Now I work with newspapers in 4 counties in my area, as well as TV and radio. I'm instrumental in putting together the local authors program for the local library, so PR is a must. I learned a lot of techniques while doing PR for the local Sisters in Crime group. Here's my methods:
First, make a list of all media outlets in a 40 mile radius of the area where you will be speaking or signing. Call local libraries to find the local papers, use the Internet.
Call each outlet, ask for the name of the Features Editor. Hopefully, they will put you on the line with that person. If not, ask if Community News has a FAX number or email where they would like to receive announcements. If you send a FAX, have letterhead stationary. The library letterhead I use always gets a positive response.
When you send a FAX, never let it fall into the hands of whoever goes by the FAX machine. It can wind up in the general file or the trash. ALWAYS put the name of someone on staff so they will receive the paperwork. It may get lost on their desk, but at least it will make it there. Make the effort to change the name on each FAX you send. No generic “Features Editor” in the routing.
Even a small paper will feel good that you even think they HAVE a designated person as a feature editor. Small papers struggle and deserve respect. NEVER make demands or be pushy or overbearing. But, remember, they need to fill their paper and you can make their job easier by knowing how to write an effective Community News release. Here's a sample:
TO: (insert editor's name)
Local author Sunny Frazier will speak on January 15 at the Kings County Library, 401 N. Douty, Hanford. The event begins at 6:30 pm until 8 pm.
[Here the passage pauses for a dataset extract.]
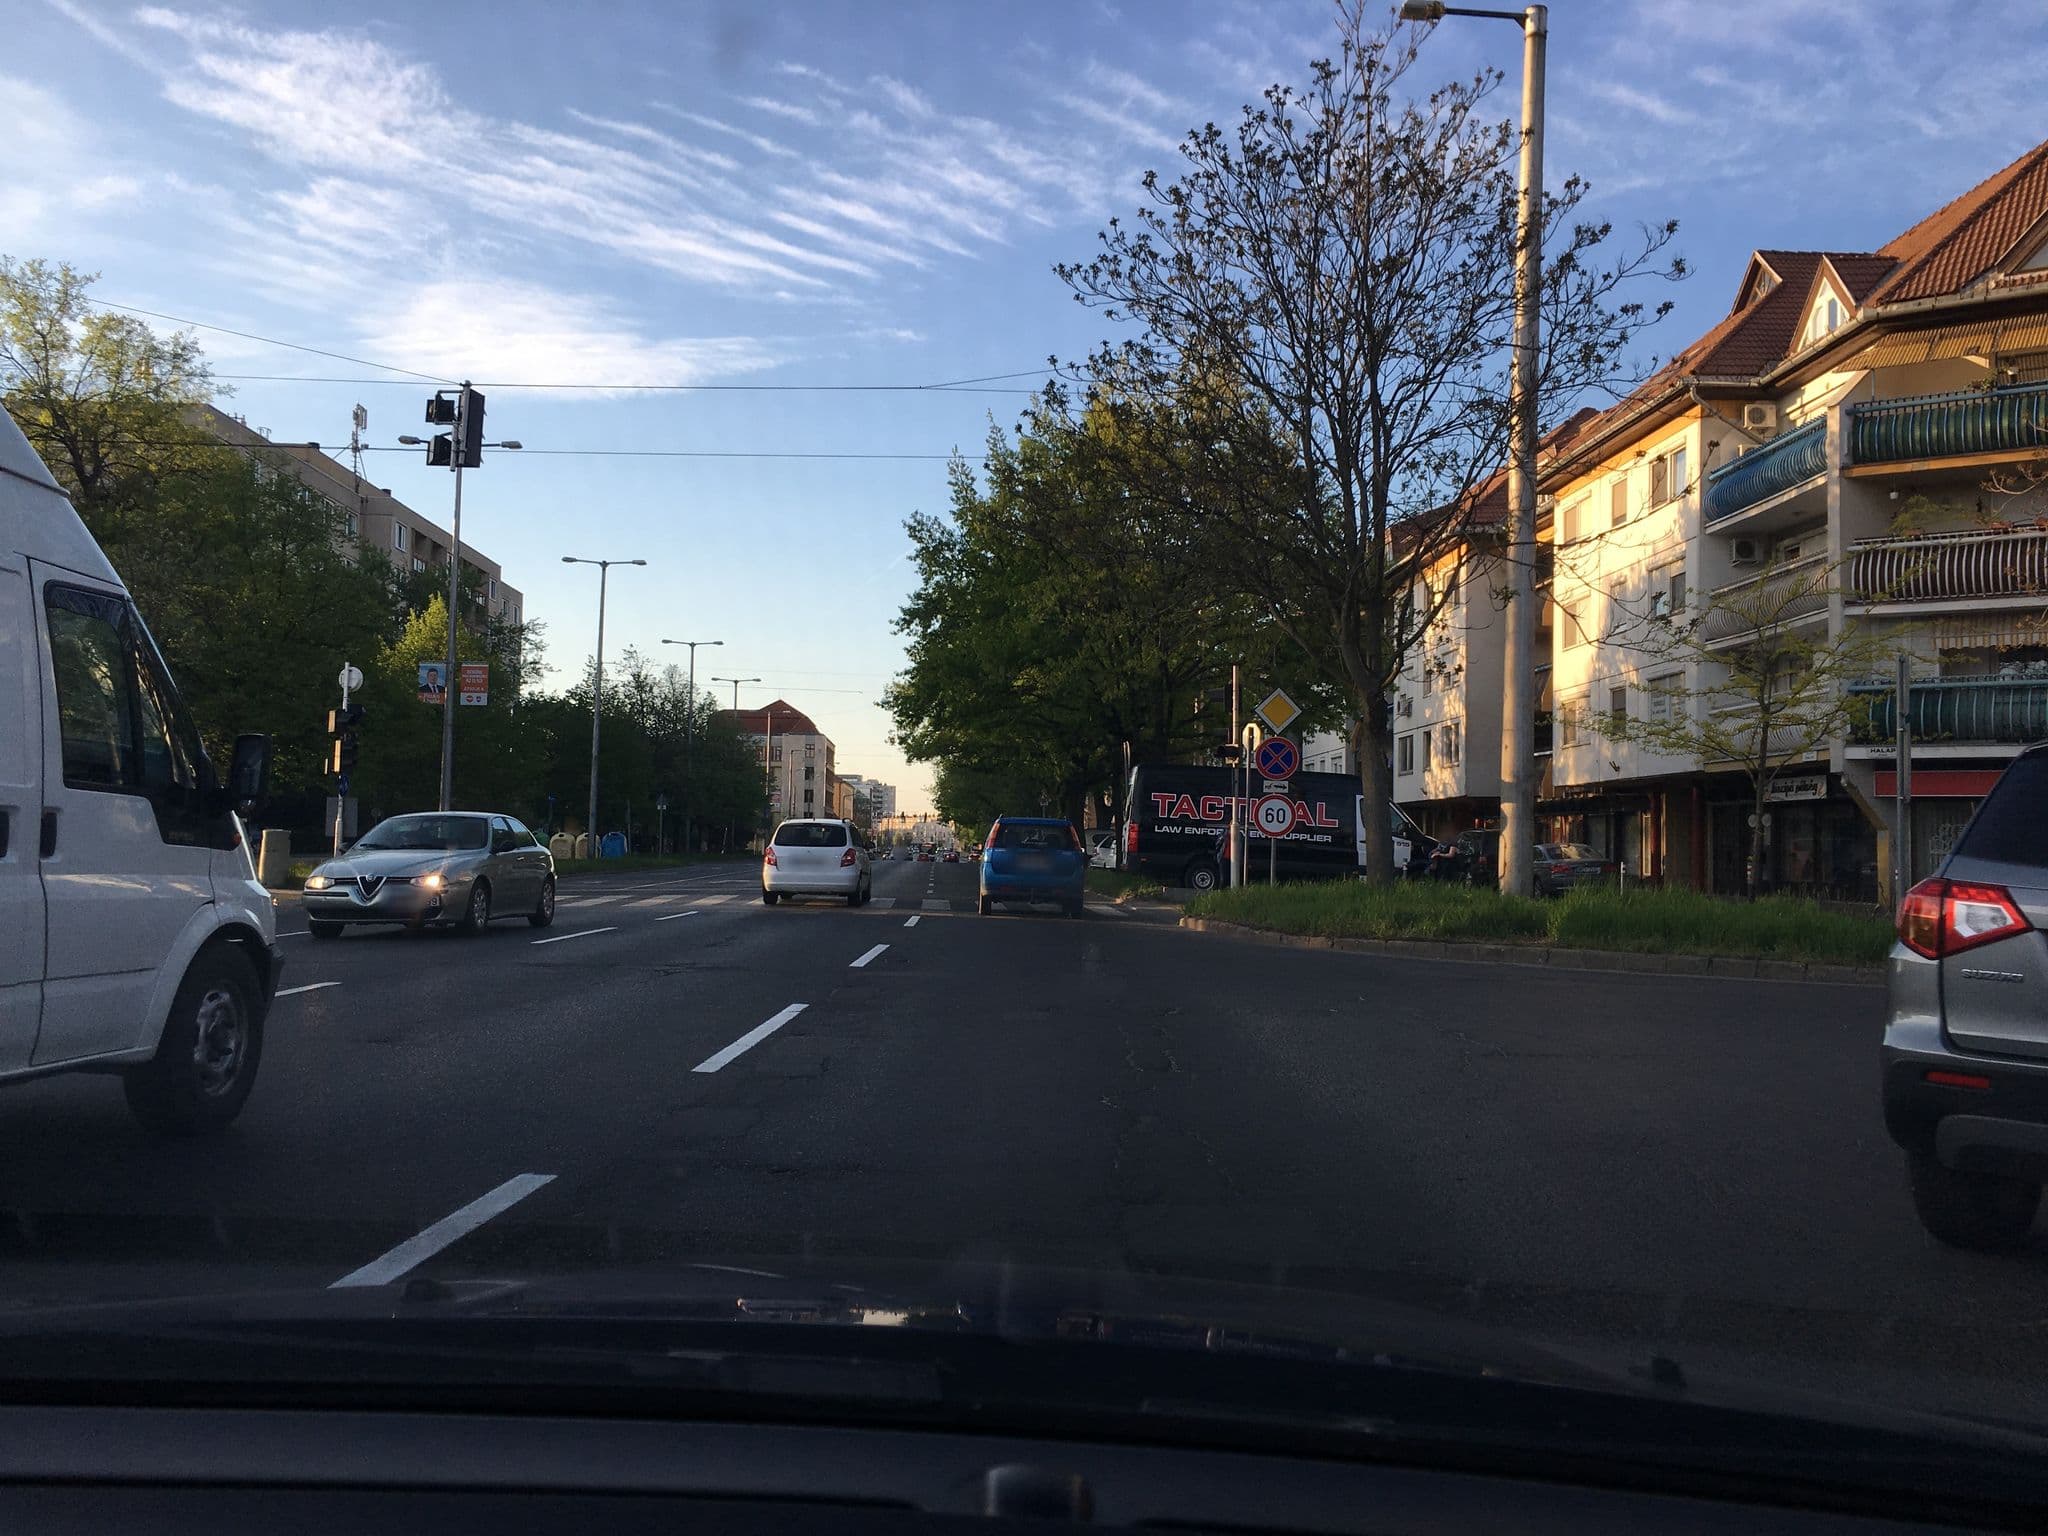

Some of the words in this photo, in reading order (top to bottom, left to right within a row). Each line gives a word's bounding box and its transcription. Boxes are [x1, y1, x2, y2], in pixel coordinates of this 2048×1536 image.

[1151, 792, 1339, 828] TACTIAL
[1265, 807, 1286, 823] 60
[1154, 824, 1182, 834] LAW
[1277, 833, 1332, 843] UPPLIER
Frazier is the author of a mystery novel, Where Angels Fear. This is a free event. Refreshments will be provided by Friends of the Library. Books will be available for purchase and a book signing with the author will follow.
This event kicks off the 2009 Local Authors Program conducted by the Kings County Library. The public is invited to enjoy an evening with authors who reflect the rich literary tradition of the San Joaquin Valley.
For more information, contact (name & e-mail addy).
Offer (but don't insist) that you are available for an interview if they have room for a longer piece. Or, create your own piece (write in 3rd person and try not to be too self-serving). ASK if they have room and would care to run it. Don't push a press packet on them or make them feel like they are there to do PR for you.
Ask about deadlines. I have papers that want info 3 weeks in advance, some only a week. Cozy up to the librarians. Make flyers and FAX or mail them to the library. Ask if they would like you to make an appearance.
Always act as if the media people are doing you a huge favor--because they are. Give the feature editor a copy of your book as a thank-you. I also make sure the local library has a copy. Libraries are forced to cut back on book buying.
My info always makes it into the newspapers, TV and radio. The news people know my name and my credentials. I keep my contacts current by checking every six months to see if there have been staff changes. I write a nice thank-you note and praise for any article written about me (even if they spell my name wrong). By doing my end of things, and doing it well, they are more than willing to give me publicity for my next project.
Remember: the Information Highway is a two-way street.